È successo che malgrado la lunghissima gestazione del provvedimento, il quarto emendamento che si riferisce alla «tenuità del fatto» e riguarda le società non quotate è arrivato in commissione prima della legge che andrebbe a emendare. Che è un decreto legislativo, anche questo messo a punto dal governo con grave ritardo (lunedì scorso) rispetto all’approvazione delle legge delega (aprile 2014). Fino a ieri sera i senatori che lo hanno preso in esame non potevano conoscere la legge che andavano a cambiare, se non nella versione informale in pdf che il viceministro Costa ha provato a distribuire in commissione. «È sul sito della gazzetta ufficiale», garantivano nella maggioranza. Ma su quel sito il decreto è comparso solo in serata. Con ben leggibile l’avviso che la legge entrerà in vigore il 2 aprile prossimo. Prima di allora, il senato proverà a cambiarla. Ma dovrà farlo in aula dalla prossima settimana.
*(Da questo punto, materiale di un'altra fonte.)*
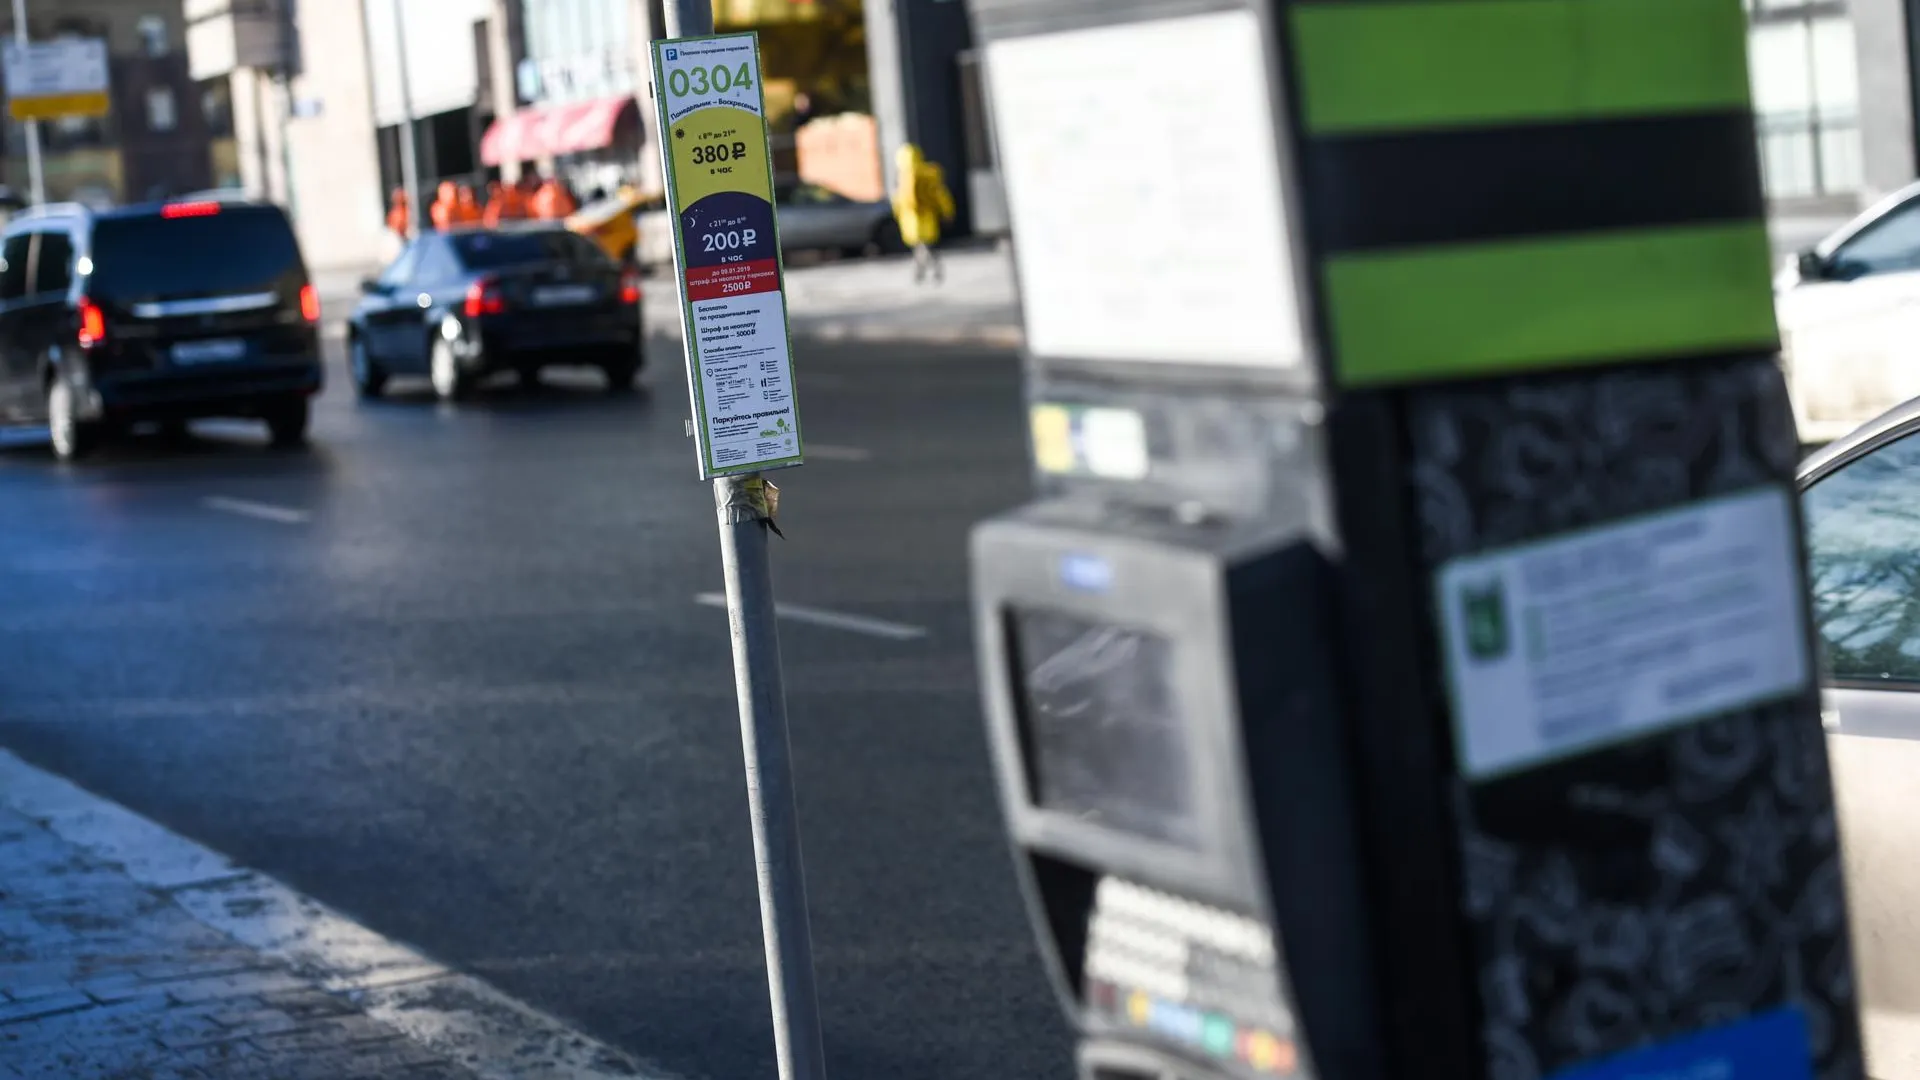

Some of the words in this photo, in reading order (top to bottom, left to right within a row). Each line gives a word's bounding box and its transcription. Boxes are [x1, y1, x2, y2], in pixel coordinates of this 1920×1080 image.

[669, 62, 753, 97] 0304
[670, 101, 712, 120] Понедельник
[718, 98, 758, 112] Воскресенье
[690, 278, 710, 286] штраф
[748, 271, 774, 279] парковки
[698, 304, 728, 313] Бесплатно
[701, 325, 721, 334] Штраф
[713, 414, 751, 424] Паркуйтесь
[752, 406, 789, 419] правильно!
La conferenza dei capigruppo aveva riservato al disegno di legge anticorruzione, ripetutamente twittato come cosa fatta dal presidente del Consiglio (e siamo ancora alla prima lettura), la mattina di oggi. Invece oggi alle 11 scade il termine per i subemedamenti alla proposta di «non punibilità» avanzata dal governo, che prevede per il giudice il dovere di valutare «in modo prevalente, l’entità dell’eventuale danno provocato alla società ai soci o ai creditori». Successivamente la commissione dovrà passare ai voti. Ma dalle 15 le camere sono convocate in seduta congiunta per l’elezione di due giudici costituzionali. E, respinta la proposta dei 5 stelle di lavorare anche durante il weekend, si andrà alla prossima settimana. Quando però i senatori dovranno affrettarsi a convertire il decreto sulle banche popolari. L’anticorruzione arriverà dopo.
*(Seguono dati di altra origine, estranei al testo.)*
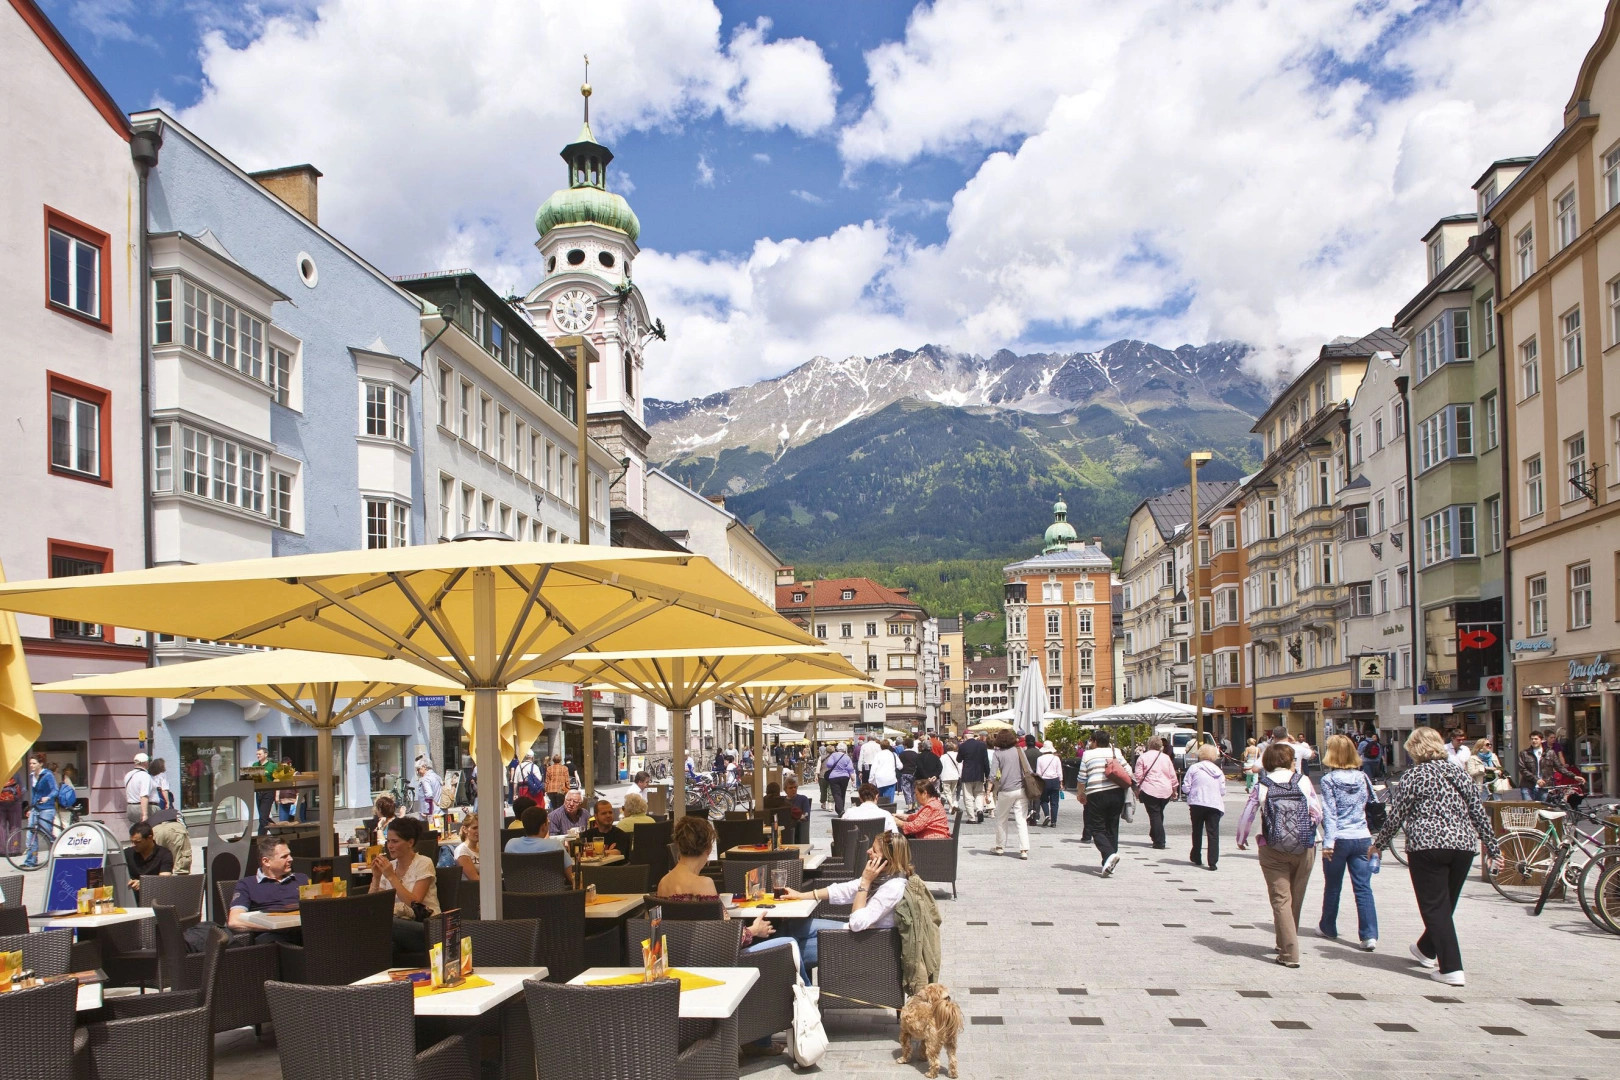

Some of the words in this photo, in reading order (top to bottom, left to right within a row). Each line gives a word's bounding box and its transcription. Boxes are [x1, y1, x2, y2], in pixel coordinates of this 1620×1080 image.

[1515, 640, 1552, 652] Douglas
[1568, 653, 1610, 683] Douglas
[67, 836, 92, 846] Zipfer
Il passaggio in commissione ieri ha confermato l’impostazione governativa, che distingue tra società quotate in borsa e non quotate. Per le prime è prevista una pena da 3 a 8 anni di carcere. Per le seconde da 1 a 5 anni. In questo caso il senatore Lumia del Pd aveva presentato un emendamento per alzare a 6 anni il massimo, così da rendere possibile l’utilizzo delle intercettazioni anche nelle indagini sulle società non quotate. Ma l’ha ritirato, annunciando che lo ripresenterà in aula (Ncd è contrario). Resta la procedibilità solo su querela per il falso in bilancio delle piccole società, che hanno un giro di affari non superiore ai 300mila euro l’anno.